What you have to do:
Output the full listing below exactly as it reads, and skip anything that is a picture.

Dataset records:
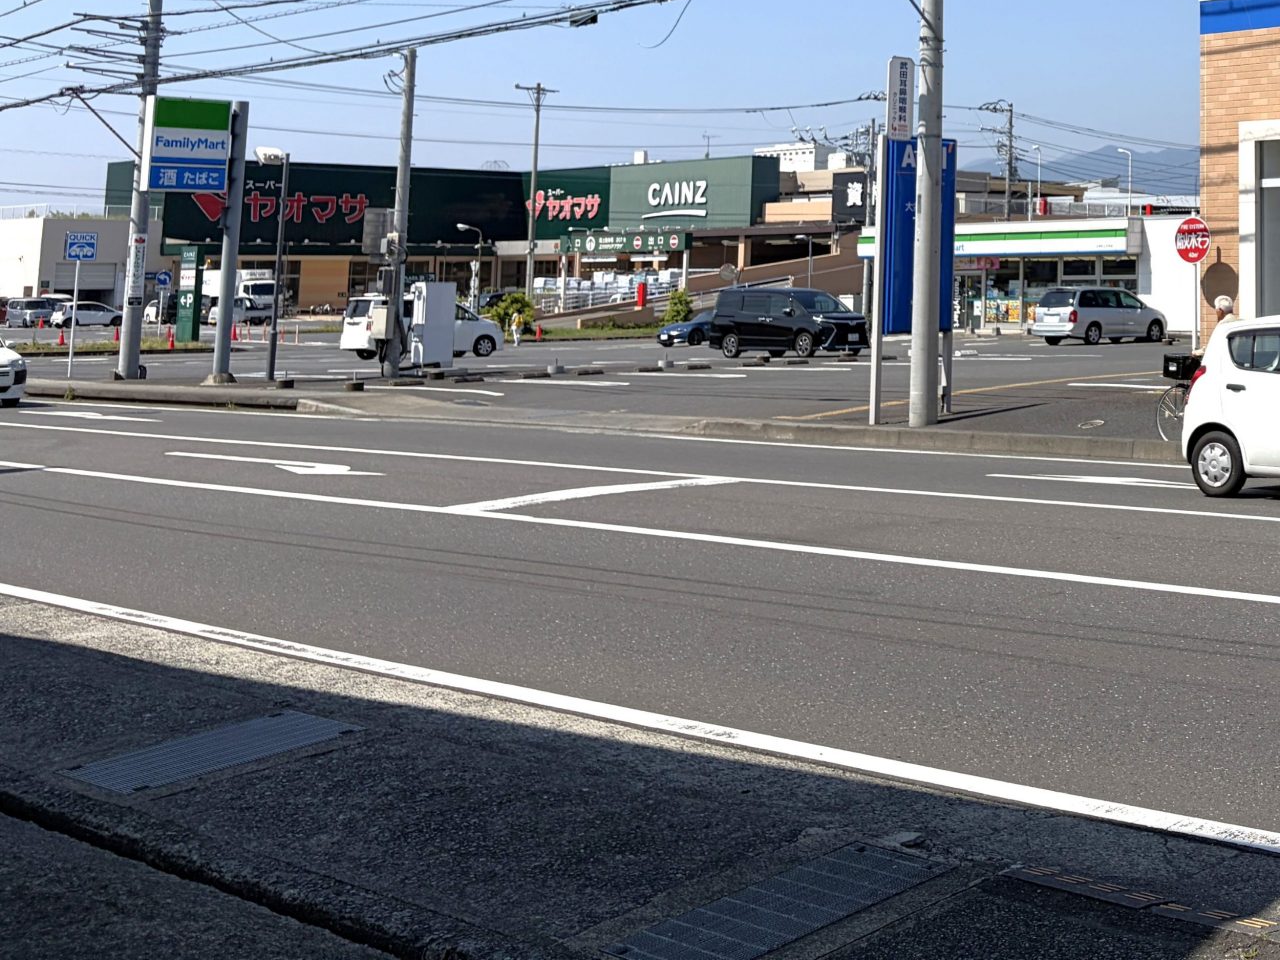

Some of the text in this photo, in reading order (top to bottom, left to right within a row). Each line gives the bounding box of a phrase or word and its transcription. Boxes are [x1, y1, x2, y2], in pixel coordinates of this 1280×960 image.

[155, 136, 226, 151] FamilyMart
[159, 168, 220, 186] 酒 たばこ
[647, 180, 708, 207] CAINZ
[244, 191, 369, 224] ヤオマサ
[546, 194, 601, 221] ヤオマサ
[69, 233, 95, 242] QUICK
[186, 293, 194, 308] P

Solution for this exercise:
Some of the text in this photo, in reading order (top to bottom, left to right within a row). Each line gives the bounding box of a phrase or word and its transcription. Boxes are [x1, y1, x2, y2], in pixel coordinates of this 1280×960 image.

[155, 136, 226, 151] FamilyMart
[159, 168, 220, 186] 酒 たばこ
[647, 180, 708, 207] CAINZ
[244, 191, 369, 224] ヤオマサ
[546, 194, 601, 221] ヤオマサ
[69, 233, 95, 242] QUICK
[186, 293, 194, 308] P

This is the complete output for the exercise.